Saved data entries
<<<<
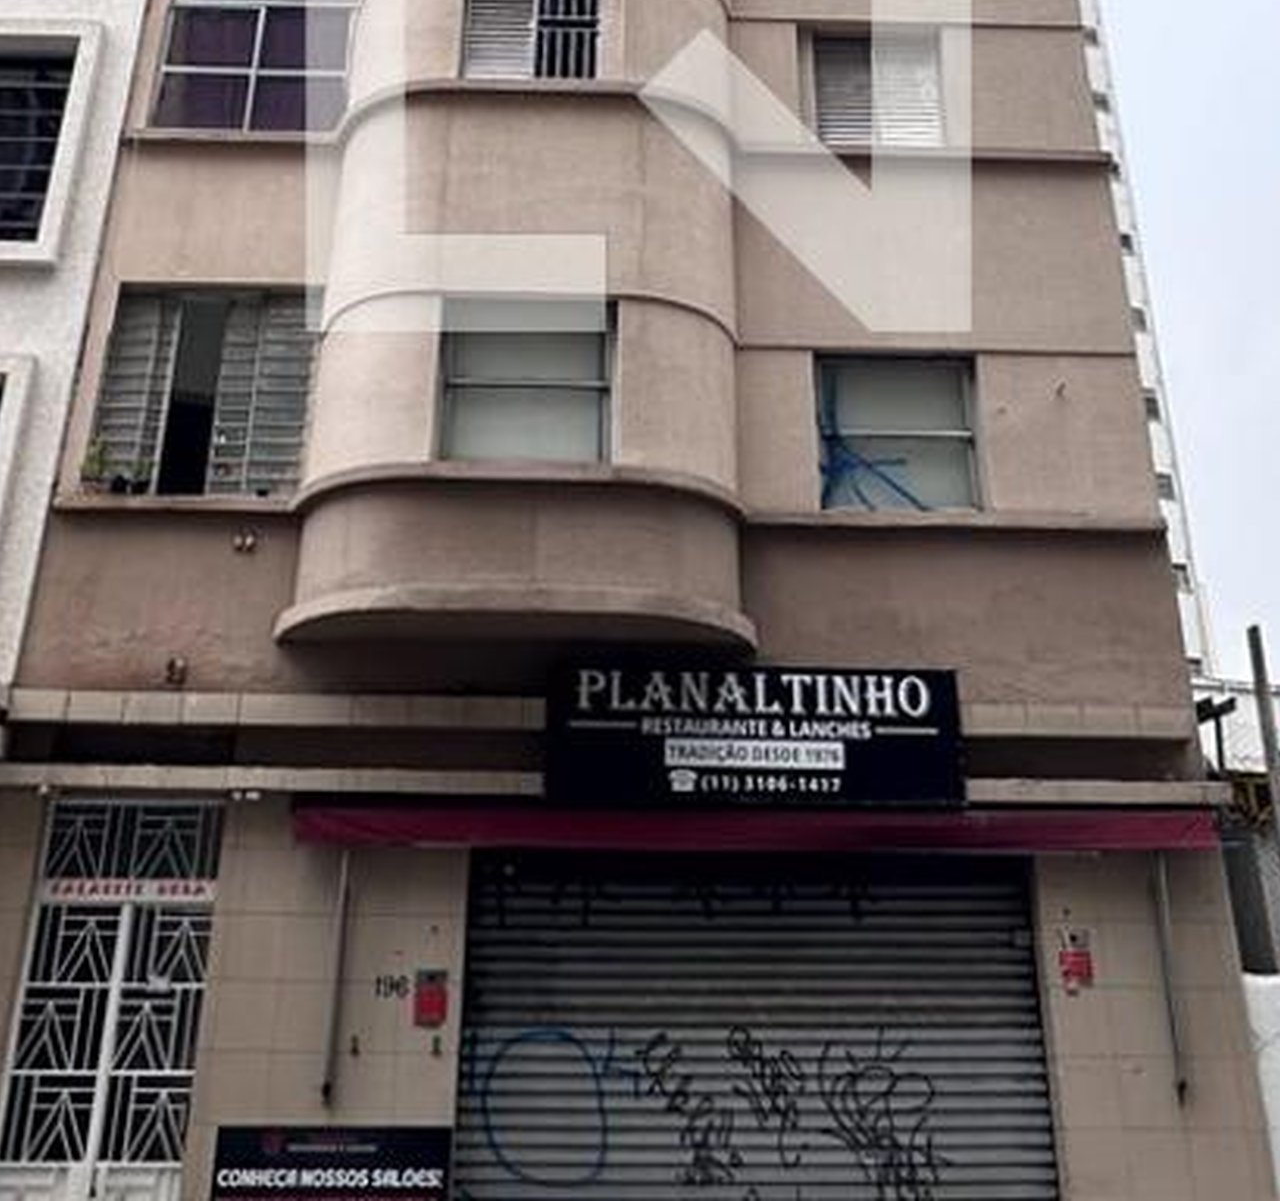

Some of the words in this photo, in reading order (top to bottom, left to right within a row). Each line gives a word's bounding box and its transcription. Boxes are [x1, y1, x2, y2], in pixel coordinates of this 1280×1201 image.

[575, 670, 930, 717] PLANALTINHO
[641, 716, 766, 736] RESTAURANTE
[771, 720, 786, 737] &
[788, 720, 871, 740] LANCHES
[753, 747, 800, 764] DESDE
[701, 774, 740, 793] (11)
[301, 1168, 369, 1189] NOSSOS
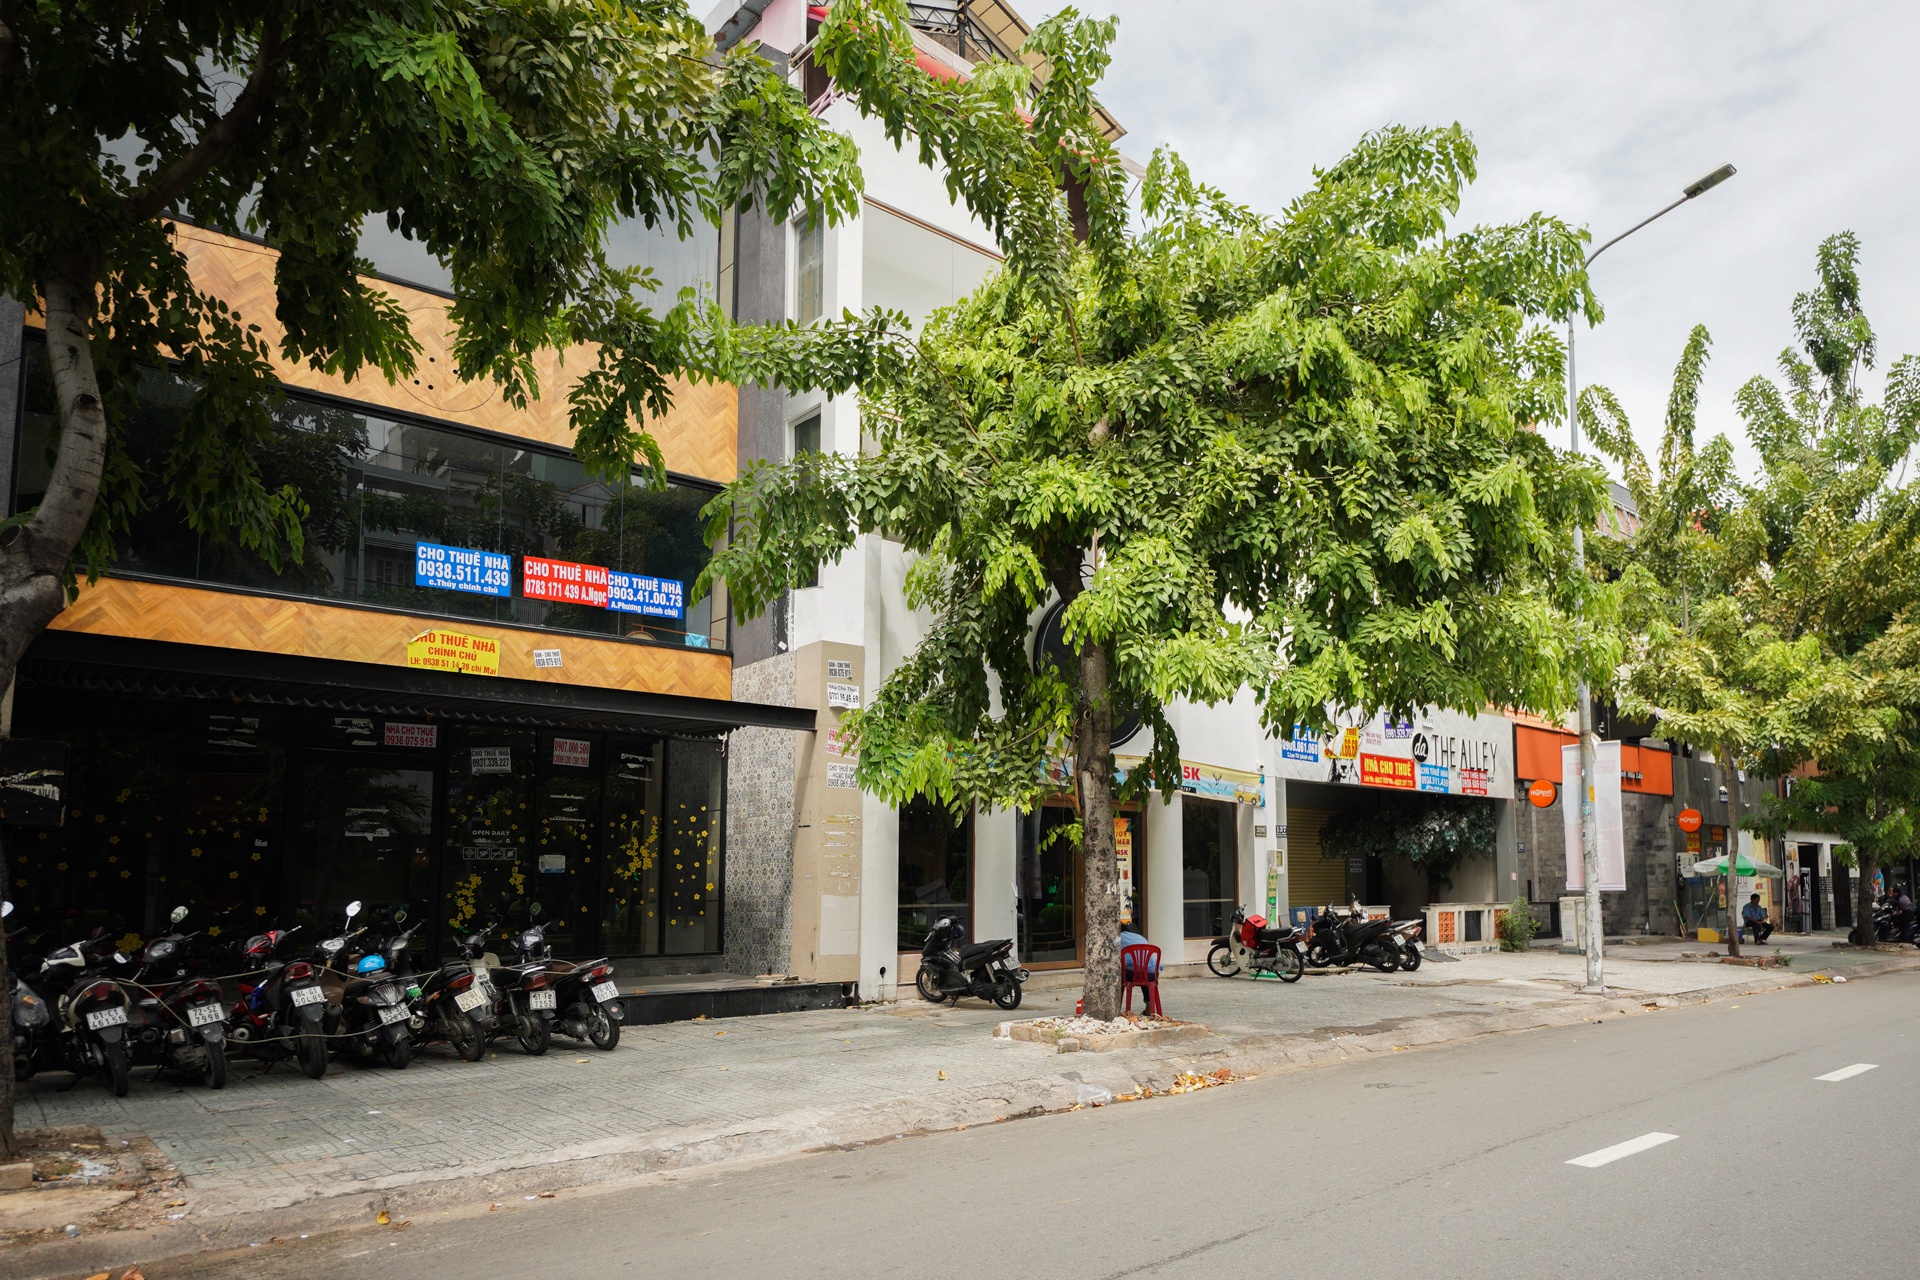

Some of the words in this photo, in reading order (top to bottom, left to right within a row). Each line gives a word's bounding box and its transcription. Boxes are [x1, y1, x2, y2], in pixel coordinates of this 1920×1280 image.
>>>>
TASK OBJECTIVE – Your answer must be the records exactly as they stand, with no pictures in it.

OUTPUT –
Some of the words in this photo, in reading order (top to bottom, left to right within a row). Each line gives a word's bounding box and its transcription. Boxes are [x1, y1, x2, y2], in pixel coordinates of this 1280×1201 image.

[575, 670, 930, 717] PLANALTINHO
[641, 716, 766, 736] RESTAURANTE
[771, 720, 786, 737] &
[788, 720, 871, 740] LANCHES
[753, 747, 800, 764] DESDE
[701, 774, 740, 793] (11)
[301, 1168, 369, 1189] NOSSOS

Some of the words in this photo, in reading order (top to bottom, left to right within a row). Each line gives a word's bounding box and its transcription. Boxes are [x1, y1, x2, y2], in pixel coordinates of this 1920×1280 image.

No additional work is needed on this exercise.